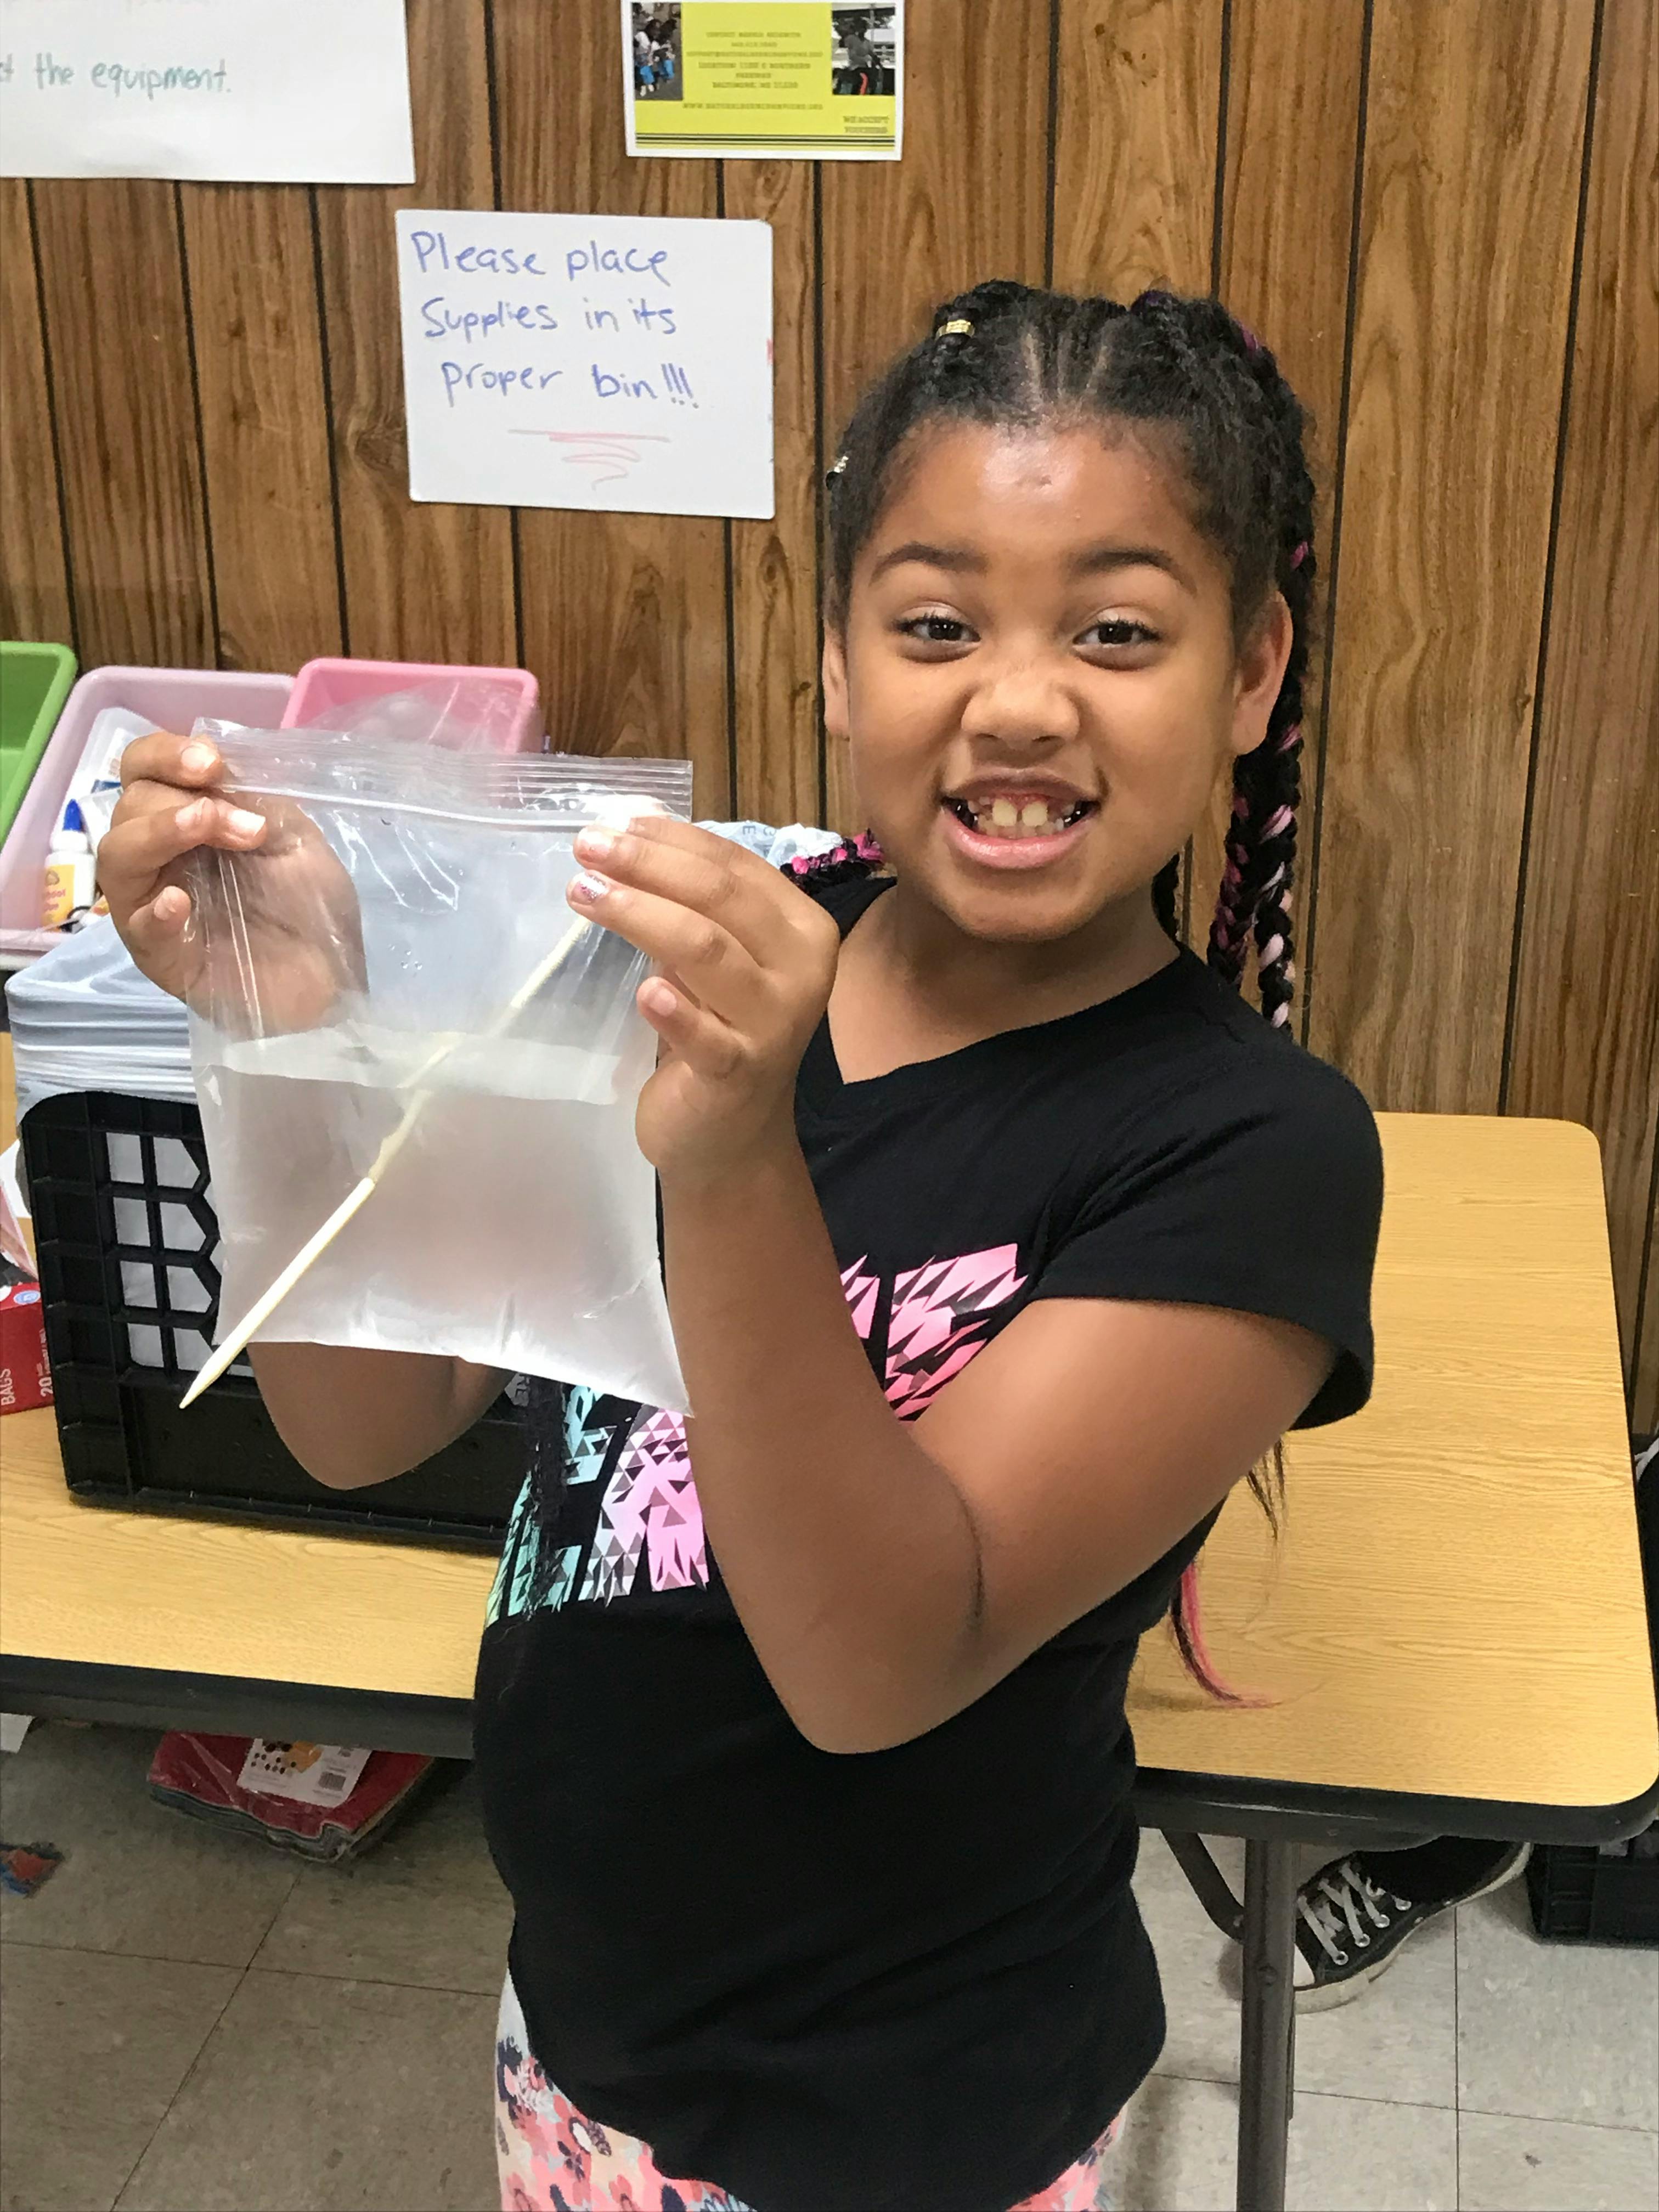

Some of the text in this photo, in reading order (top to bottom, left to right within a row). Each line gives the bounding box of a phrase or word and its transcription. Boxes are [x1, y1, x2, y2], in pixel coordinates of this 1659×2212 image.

[35, 52, 75, 89] the
[91, 58, 232, 101] equipment.
[410, 231, 671, 287] Please place
[421, 297, 677, 343] Supplies in its
[441, 362, 564, 408] proper
[0, 1368, 16, 1406] BAGS
________
» Assigned task: Write every record out again exactly; no pictures belong in the copy.

» Written solution:
Some of the text in this photo, in reading order (top to bottom, left to right within a row). Each line gives the bounding box of a phrase or word and its transcription. Boxes are [x1, y1, x2, y2], in pixel coordinates of this 1659×2212 image.

[35, 52, 75, 89] the
[91, 58, 232, 101] equipment.
[410, 231, 671, 287] Please place
[421, 297, 677, 343] Supplies in its
[441, 362, 564, 408] proper
[0, 1368, 16, 1406] BAGS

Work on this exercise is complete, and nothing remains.